Source records
+++

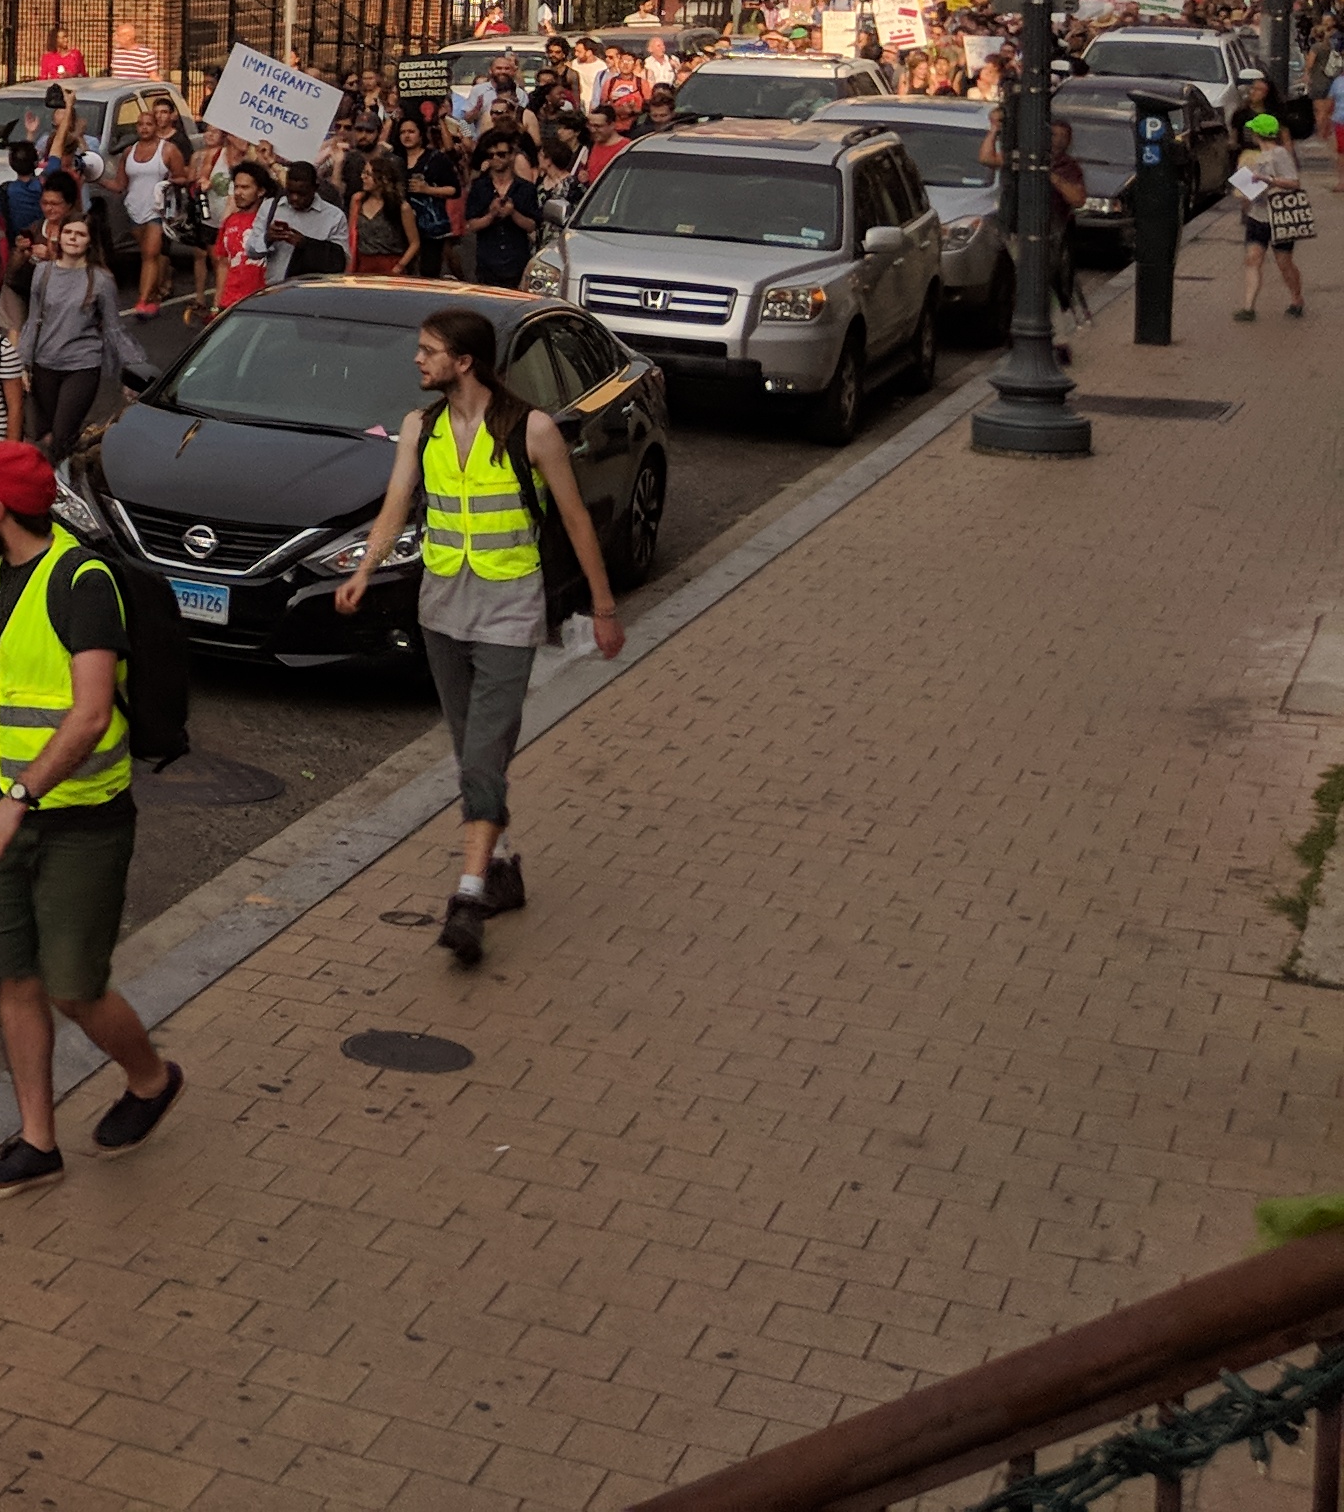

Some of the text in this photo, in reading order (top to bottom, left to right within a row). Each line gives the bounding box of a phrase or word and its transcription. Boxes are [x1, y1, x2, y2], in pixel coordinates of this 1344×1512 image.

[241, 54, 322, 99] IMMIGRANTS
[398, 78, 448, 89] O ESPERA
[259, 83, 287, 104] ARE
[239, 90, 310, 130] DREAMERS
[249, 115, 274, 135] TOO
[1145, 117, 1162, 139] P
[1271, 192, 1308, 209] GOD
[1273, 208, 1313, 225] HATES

+++

• _The problem_:
A word-for-word transcript of the entries above is needed, with pictures removed.

• _The completed task_:
Some of the text in this photo, in reading order (top to bottom, left to right within a row). Each line gives the bounding box of a phrase or word and its transcription. Boxes are [x1, y1, x2, y2], in pixel coordinates of this 1344×1512 image.

[241, 54, 322, 99] IMMIGRANTS
[398, 78, 448, 89] O ESPERA
[259, 83, 287, 104] ARE
[239, 90, 310, 130] DREAMERS
[249, 115, 274, 135] TOO
[1145, 117, 1162, 139] P
[1271, 192, 1308, 209] GOD
[1273, 208, 1313, 225] HATES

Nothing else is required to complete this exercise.